[Annotated photo localization data]
***
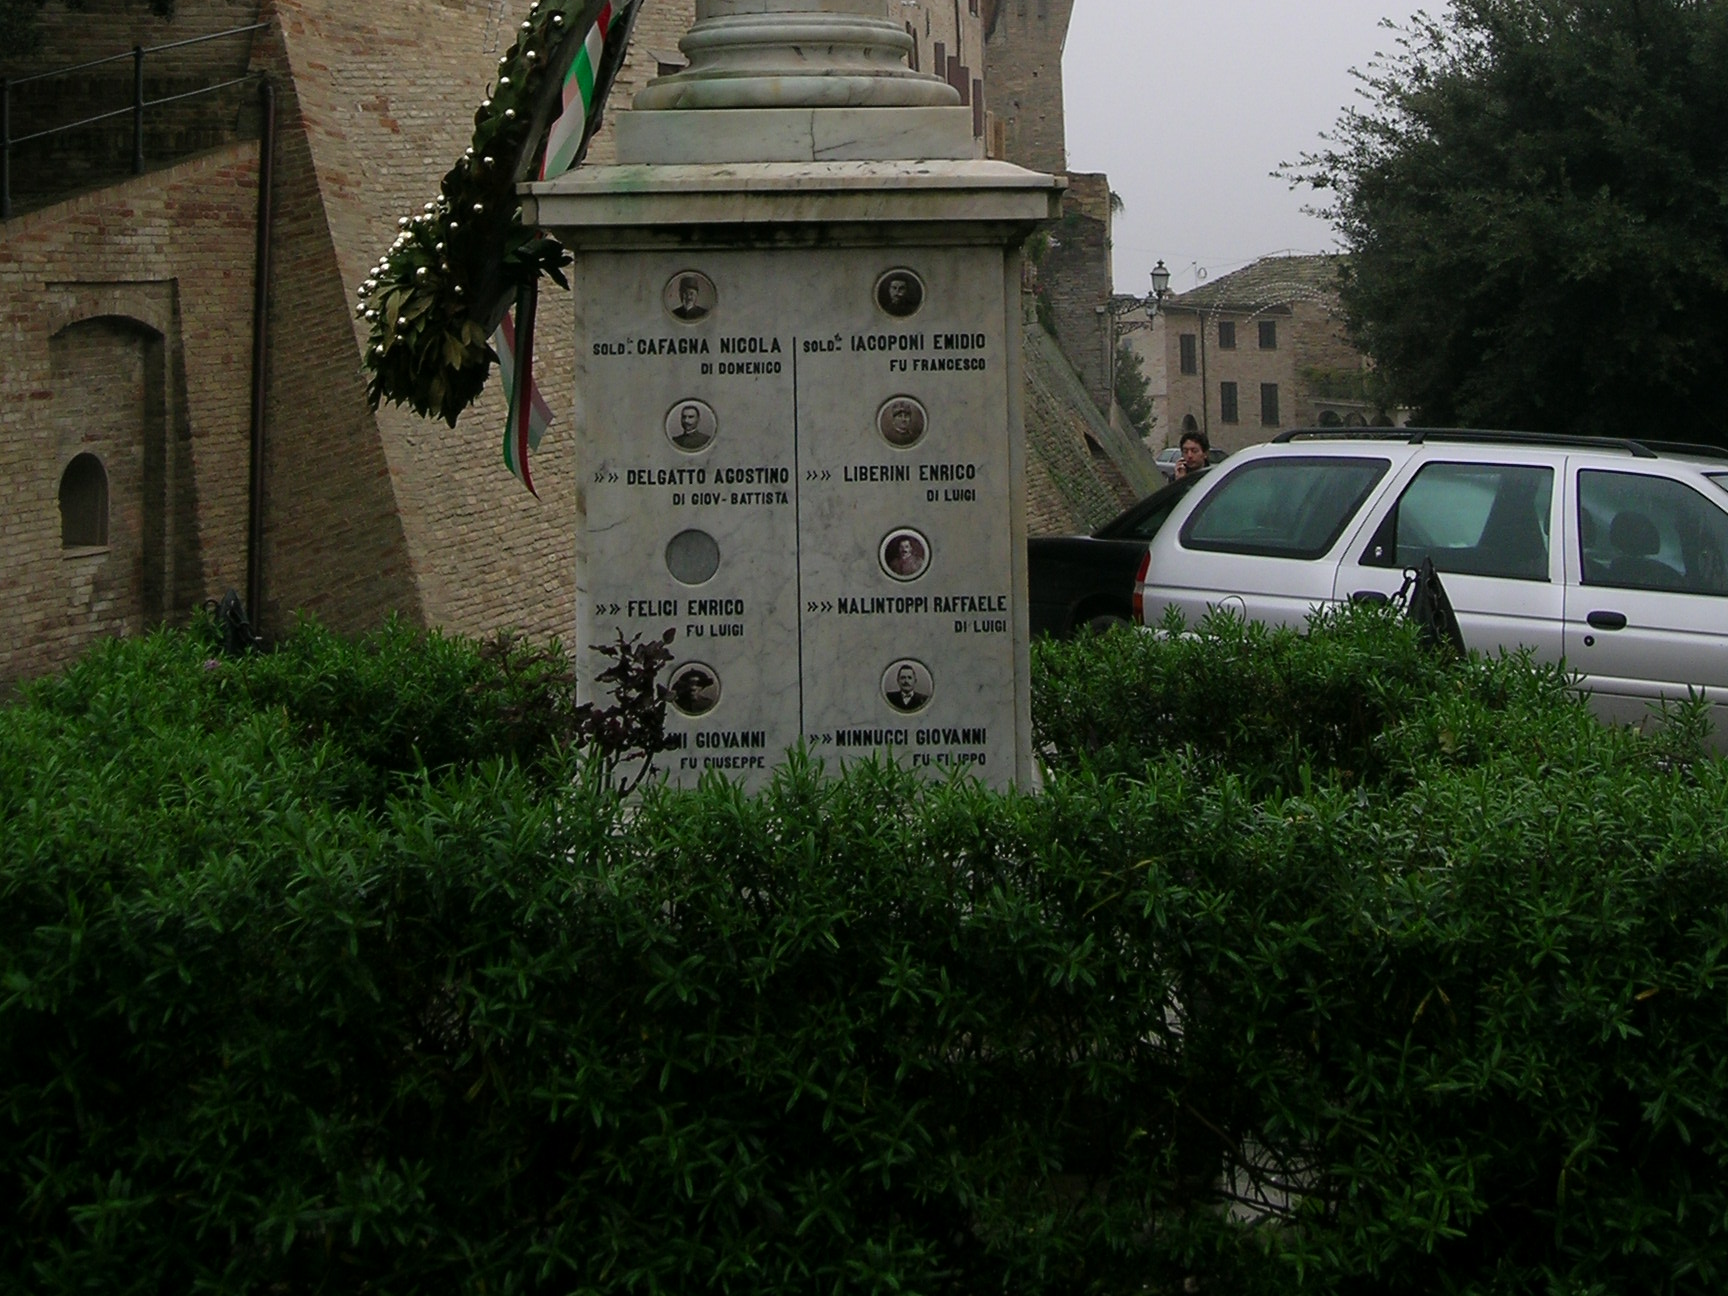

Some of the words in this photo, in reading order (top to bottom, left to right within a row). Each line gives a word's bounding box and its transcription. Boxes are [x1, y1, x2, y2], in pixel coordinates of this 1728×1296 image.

[637, 338, 710, 355] CAFAGNA
[720, 337, 782, 354] NICOLA
[851, 334, 924, 352] IACOPONI
[933, 333, 986, 350] EMIDIO
[701, 363, 713, 375] DI
[719, 361, 782, 375] DOMENICO
[890, 359, 907, 372] FU
[913, 358, 986, 371] FRANCESCO
[627, 469, 706, 485] DELGATTO
[714, 468, 789, 484] AGOSTINO
[844, 465, 910, 482] LIBERINI
[919, 464, 976, 481] ENRICO
[672, 493, 685, 505] DI
[731, 492, 789, 505] BATTISTA
[926, 489, 939, 502] DI
[944, 489, 976, 502] LUIGI
[628, 600, 678, 617] FELICI
[688, 599, 744, 616] ENRICO
[838, 597, 928, 614] MALINTOPPI
[933, 596, 1007, 612] RAFFAELE
[686, 624, 704, 637] FU
[710, 624, 744, 637] LUIGI
[954, 620, 967, 633] DI
[973, 620, 1007, 633] LUIGI
[696, 731, 766, 749] GIOVANNI
[836, 729, 908, 747] MINNUCCI
[916, 728, 987, 745] GIOVANNI
[680, 757, 698, 770] FU
[913, 753, 930, 766] FU
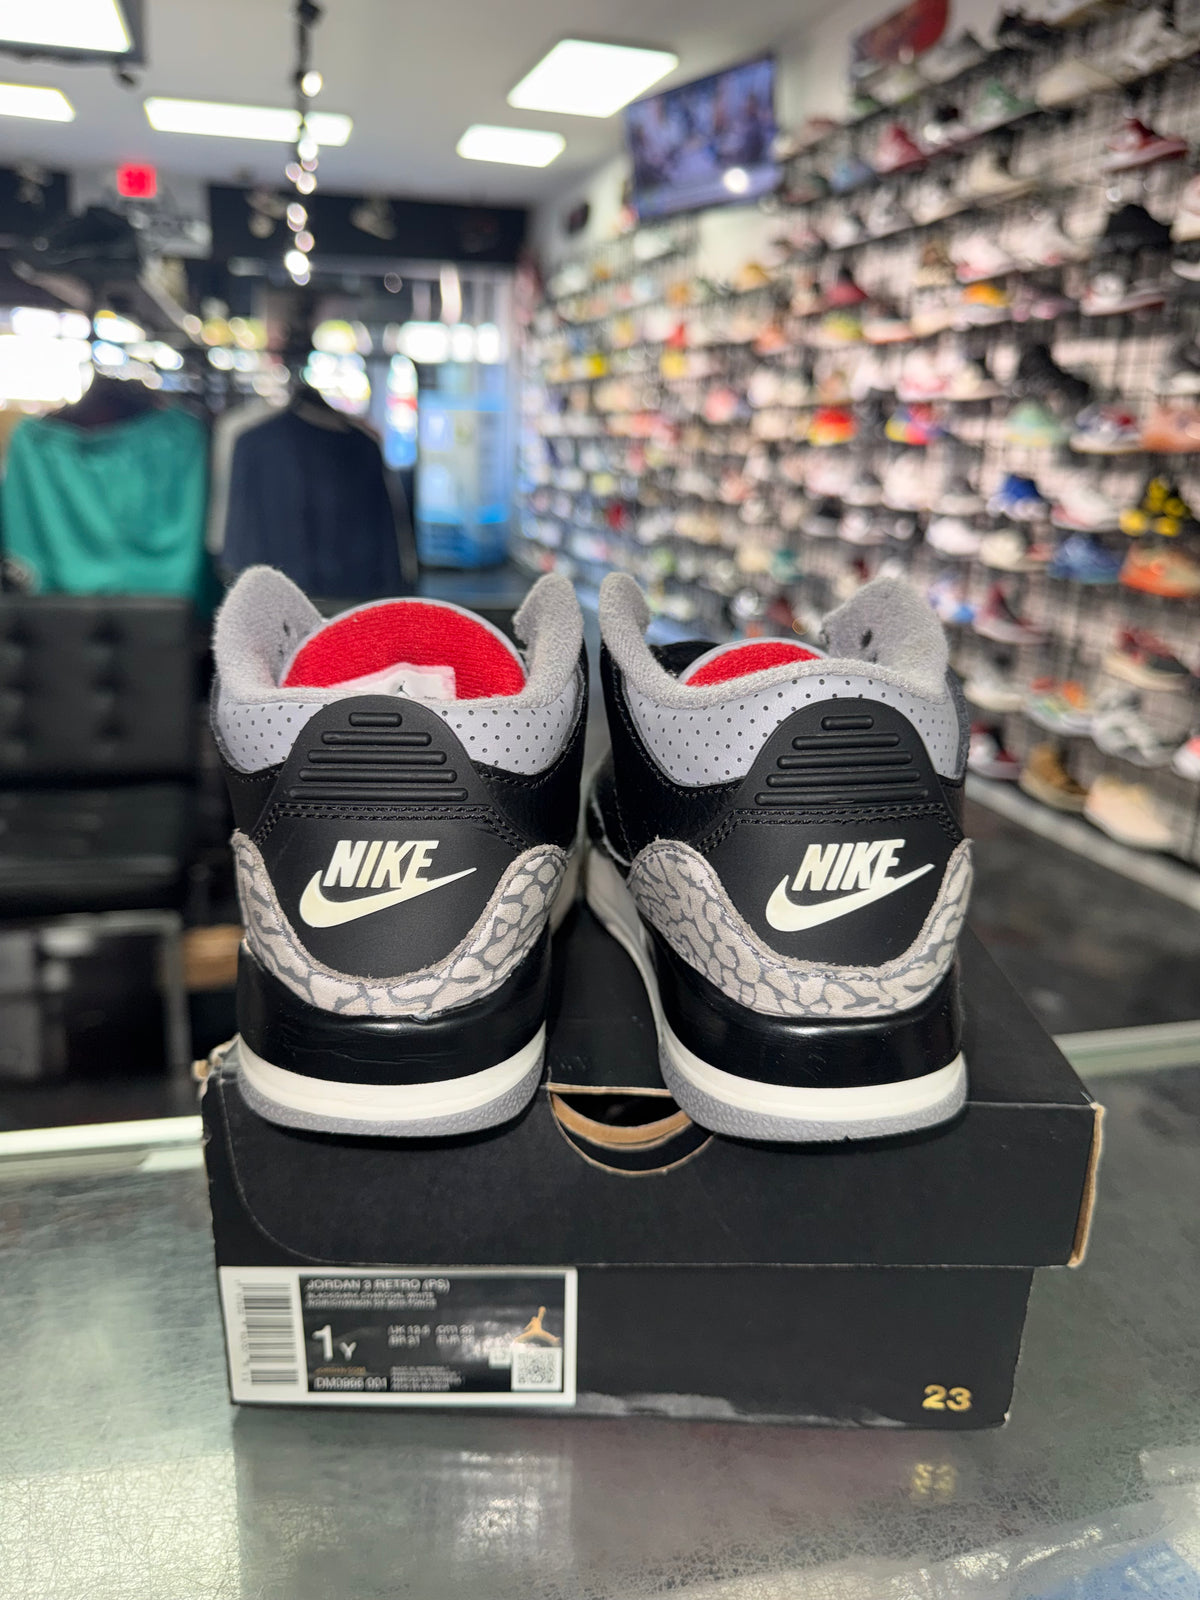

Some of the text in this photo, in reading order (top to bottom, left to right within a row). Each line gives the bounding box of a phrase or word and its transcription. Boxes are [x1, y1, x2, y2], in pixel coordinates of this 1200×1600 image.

[322, 839, 439, 888] NIKE
[791, 838, 906, 891] NIKE
[306, 1279, 450, 1294] JORDAN 3 RETRO (PS)
[921, 1384, 972, 1411] 23
***
### EXERCISE
All lines from the line containing "Some of the text" through the last line of the data are to be repeated exactly; no other line belongs in the answer.

### RESPONSE TO THIS EXERCISE
Some of the text in this photo, in reading order (top to bottom, left to right within a row). Each line gives the bounding box of a phrase or word and its transcription. Boxes are [x1, y1, x2, y2], in pixel coordinates of this 1200×1600 image.

[322, 839, 439, 888] NIKE
[791, 838, 906, 891] NIKE
[306, 1279, 450, 1294] JORDAN 3 RETRO (PS)
[921, 1384, 972, 1411] 23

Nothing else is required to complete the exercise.